Wherever an image appears in the entries, drop it and reproduce everything else exactly.
======
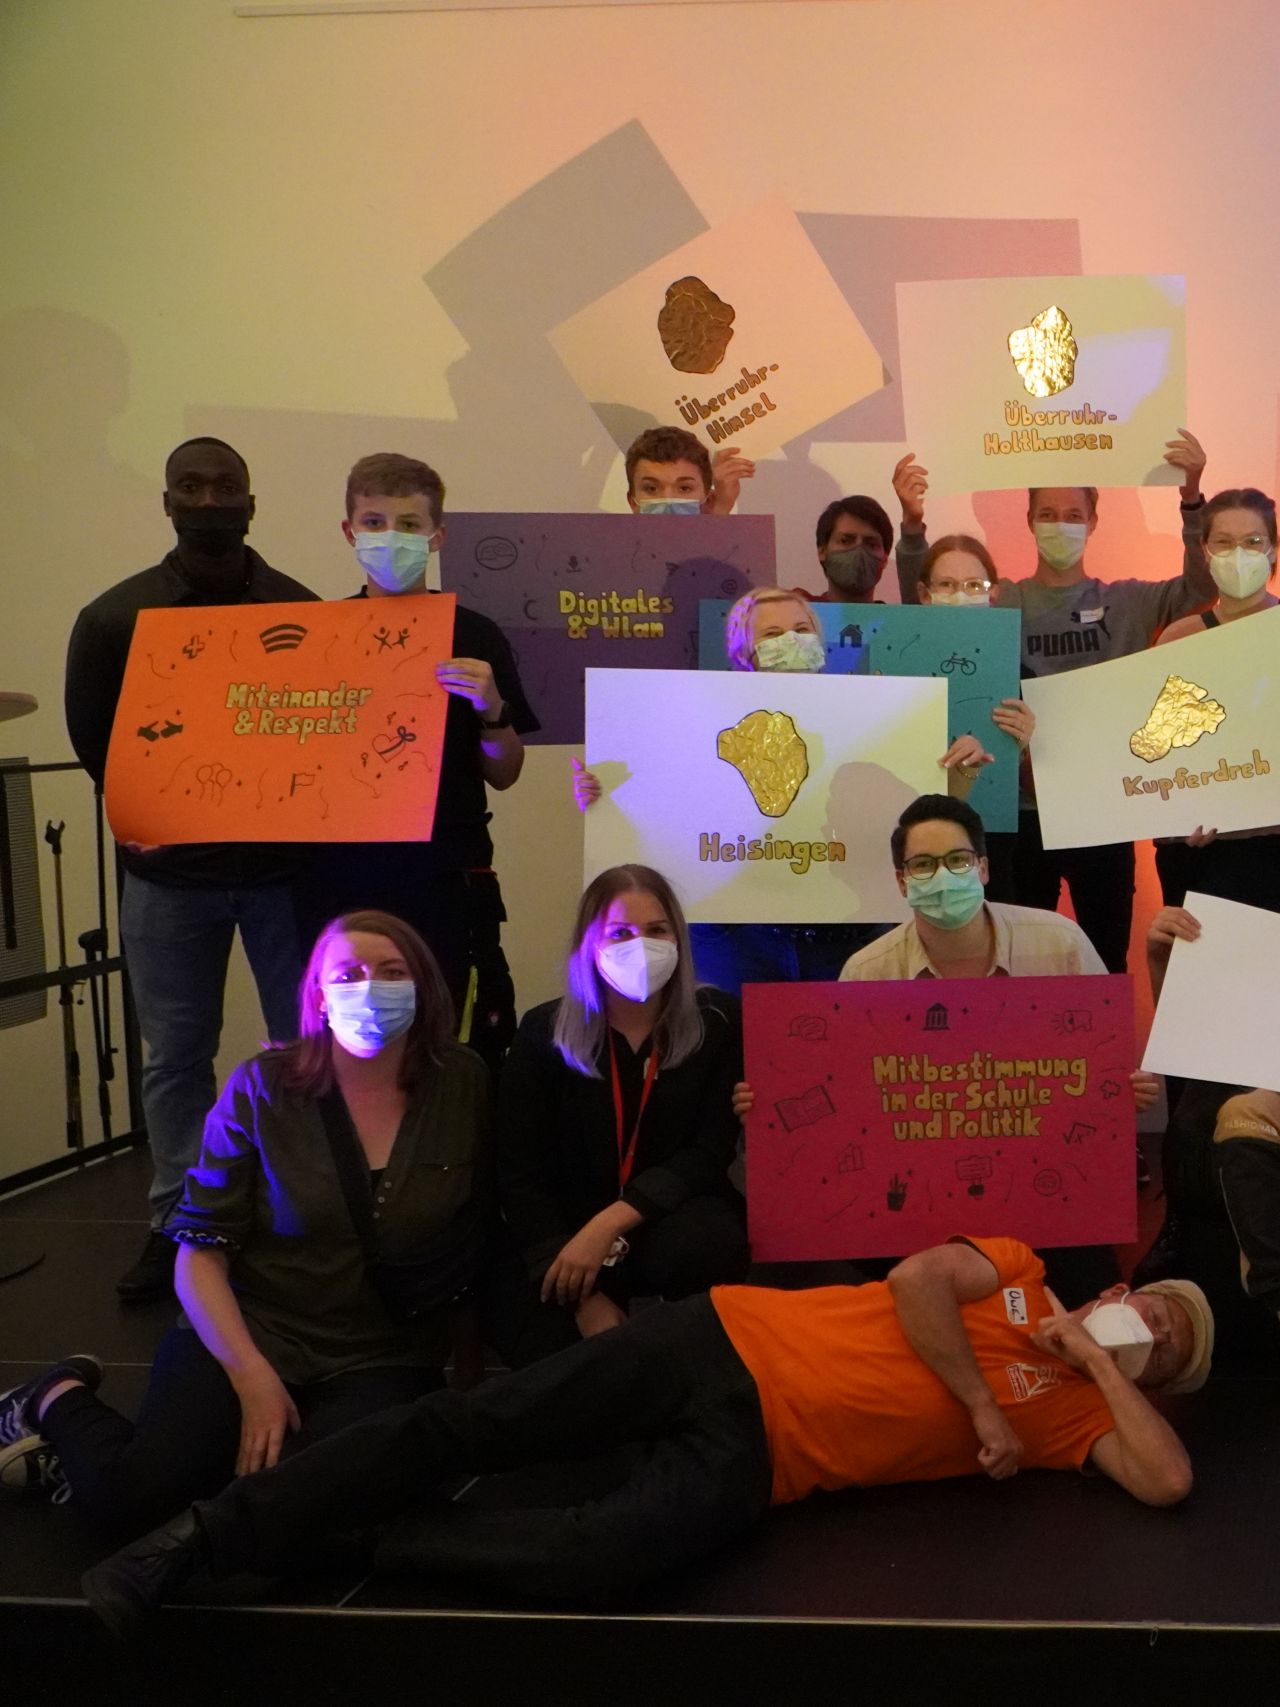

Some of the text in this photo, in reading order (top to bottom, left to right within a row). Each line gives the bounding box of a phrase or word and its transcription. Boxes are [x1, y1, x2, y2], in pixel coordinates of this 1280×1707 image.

[675, 363, 779, 426] Überruhr-
[1004, 400, 1118, 426] Überruhr-
[705, 392, 777, 444] Hinsel
[984, 428, 1113, 455] Holthausen
[559, 588, 674, 626] Digitales
[567, 614, 664, 639] & Wlan
[1026, 628, 1100, 657] PUMA
[225, 681, 373, 709] Miteinander
[233, 706, 358, 745] & Respekt
[1122, 748, 1271, 801] Kupferdreh
[699, 832, 847, 875] Heisingen
[872, 1051, 1088, 1097] Mitbestimmung
[881, 1077, 1053, 1113] in der Schule
[893, 1107, 1043, 1141] und Politik
======
Response ::
Some of the text in this photo, in reading order (top to bottom, left to right within a row). Each line gives the bounding box of a phrase or word and its transcription. Boxes are [x1, y1, x2, y2], in pixel coordinates of this 1280×1707 image.

[675, 363, 779, 426] Überruhr-
[1004, 400, 1118, 426] Überruhr-
[705, 392, 777, 444] Hinsel
[984, 428, 1113, 455] Holthausen
[559, 588, 674, 626] Digitales
[567, 614, 664, 639] & Wlan
[1026, 628, 1100, 657] PUMA
[225, 681, 373, 709] Miteinander
[233, 706, 358, 745] & Respekt
[1122, 748, 1271, 801] Kupferdreh
[699, 832, 847, 875] Heisingen
[872, 1051, 1088, 1097] Mitbestimmung
[881, 1077, 1053, 1113] in der Schule
[893, 1107, 1043, 1141] und Politik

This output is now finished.